In July 1944, Hans Kammler ordered the North Works (Nordwerke) to use cross-tunnels 1–20 for a Junkers jet and piston engine factory, leaving cross-tunnels 21–46 for Mittelwerk GmbH. During February–April 1945, the Nordhausen plant built Taifun anti-aircraft missiles and Heinkel He 162 jet fighters and put into operation a liquid oxygen plant. The plant was the Eber project and used equipment evacuated from the Watten bunker and elsewhere to build Heylandt liquid oxygen generators; the 15 generators were nearly complete when the site was captured. The Mittelwerk also contained equipment for producing jet fuel, and in an emergency 1944 decentralization program (named Geilenbergprogramm after Edmund Geilenberg) started the "Cuckoo" project, an underground oil plant to be "carved out of the Himmelsburg" North of the Mittelwerk. In early February 1945, Wernher von Braun and his team moved from Peenemünde to Bleicherode where, under Hans Kammler's orders, he was responsible for weapons production at multiple underground sites, some operational and others still on the drawing board. Most were never completed. For example, plans for V-2 rocket plants (the Southern Works near Friedrichshafen and the Eastern Works near Riga) were never fulfilled.

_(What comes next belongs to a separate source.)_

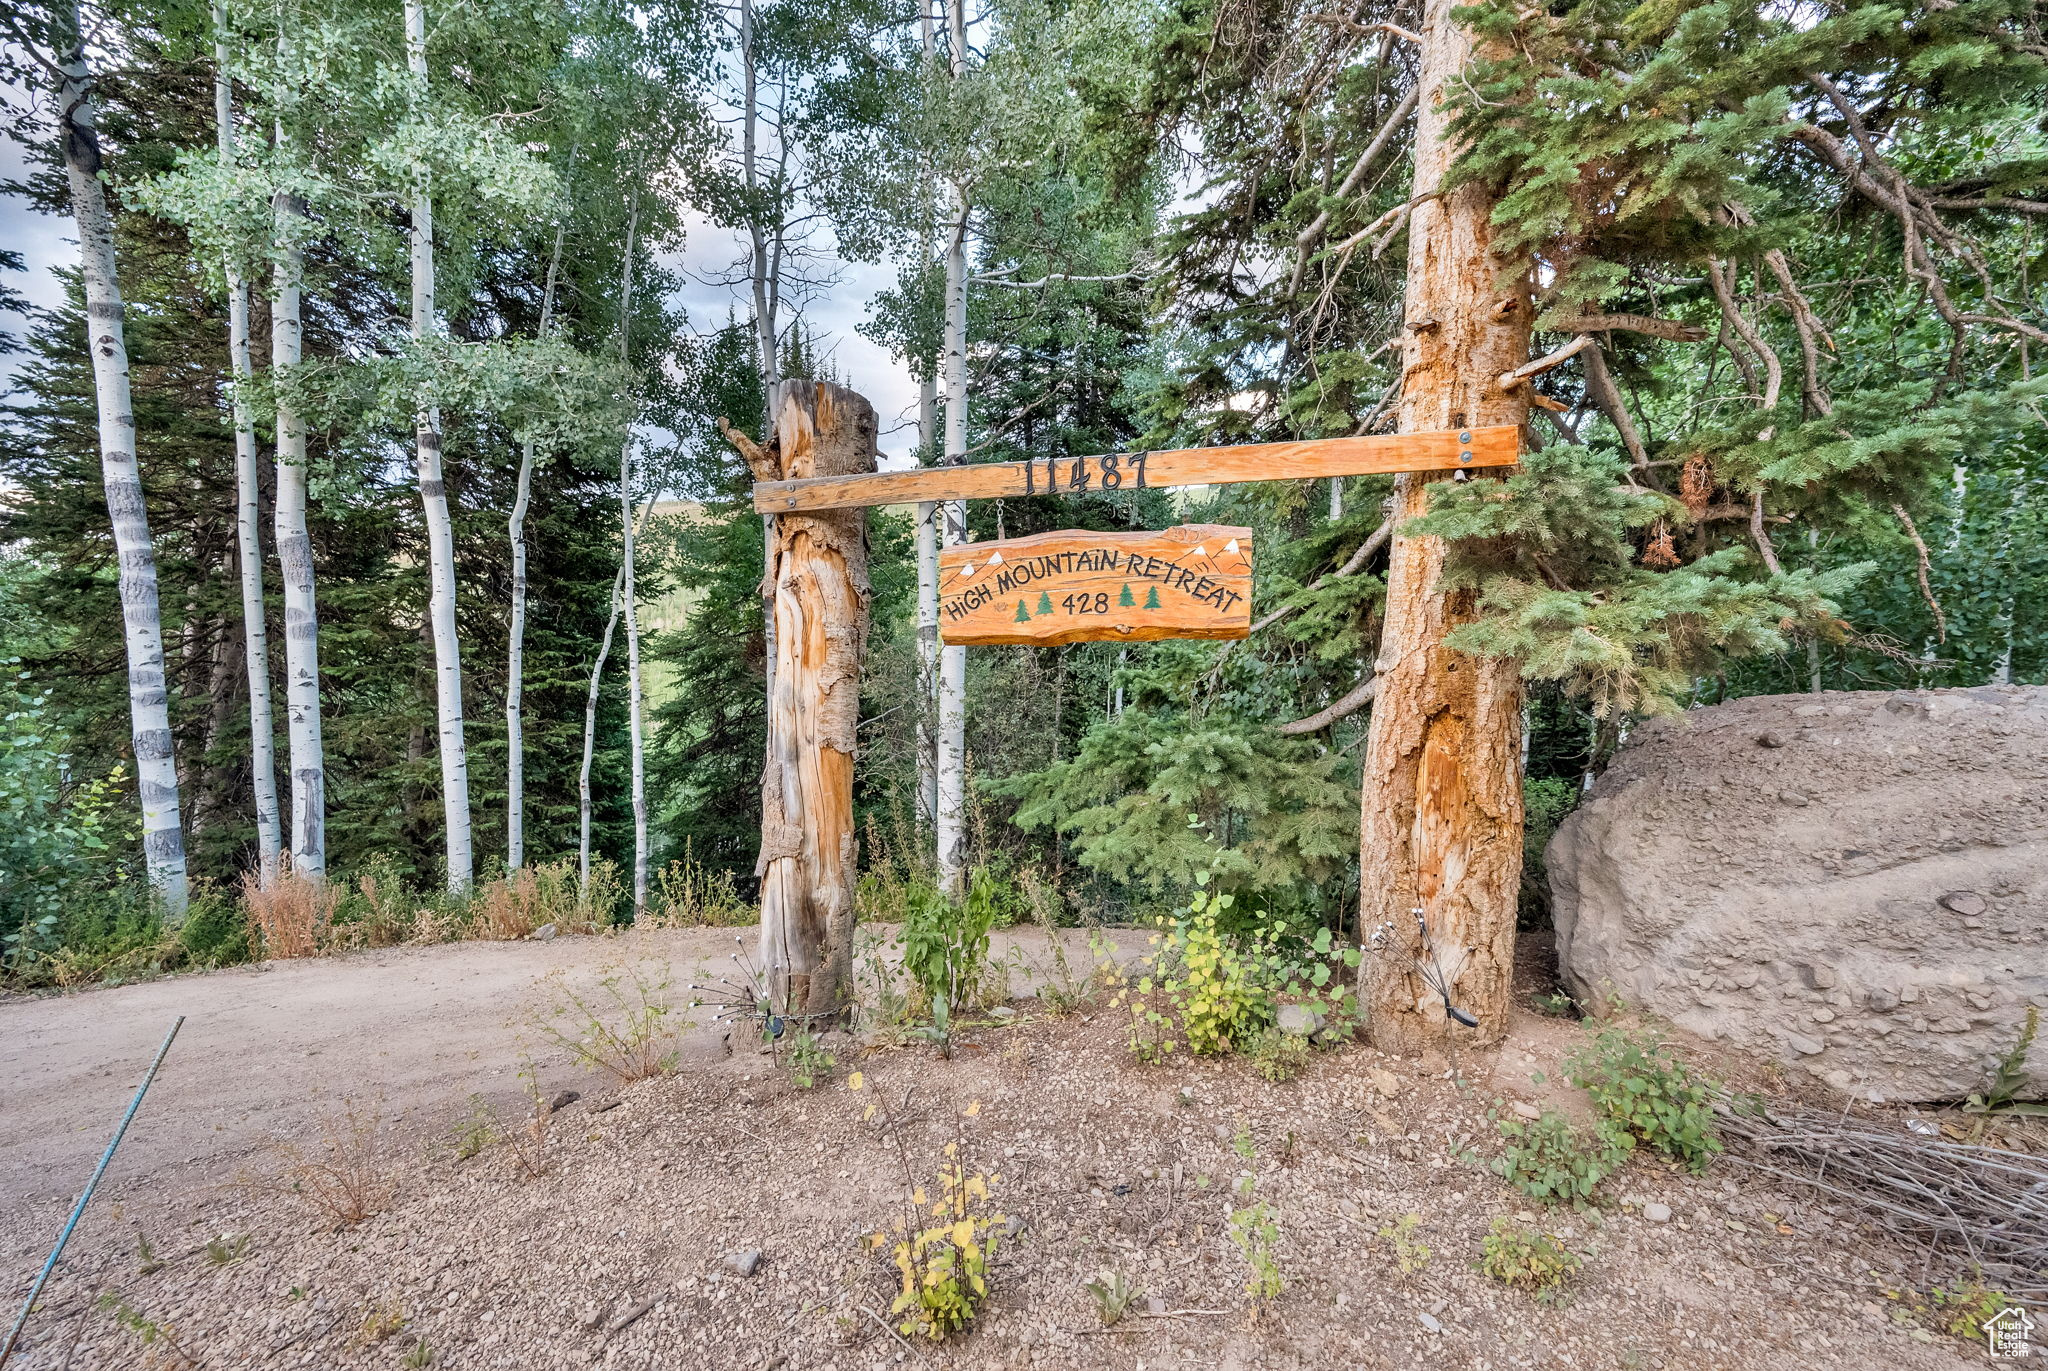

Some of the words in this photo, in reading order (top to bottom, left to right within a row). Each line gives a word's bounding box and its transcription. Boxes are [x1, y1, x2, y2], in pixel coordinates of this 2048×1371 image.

[1025, 451, 1148, 495] 11487
[1061, 592, 1109, 616] 428
[1125, 553, 1243, 613] RETREAT

V-1 flying bomb assembly began during October/November 1944 in the South end of tunnel A. At the end of January 1945, 51 V-1s were shipped from a dispersed Fieseler factory in Upper Bavaria (code name Cham) to the Nordhausen plant for completion. After a second V-1 factory at Burg was closed, the Mittelwerk Werk II in February 1945 was the only factory producing V-1 flying bombs, and a total of 2,275 V-1s were built by Werk II from September 1944 until April 1945.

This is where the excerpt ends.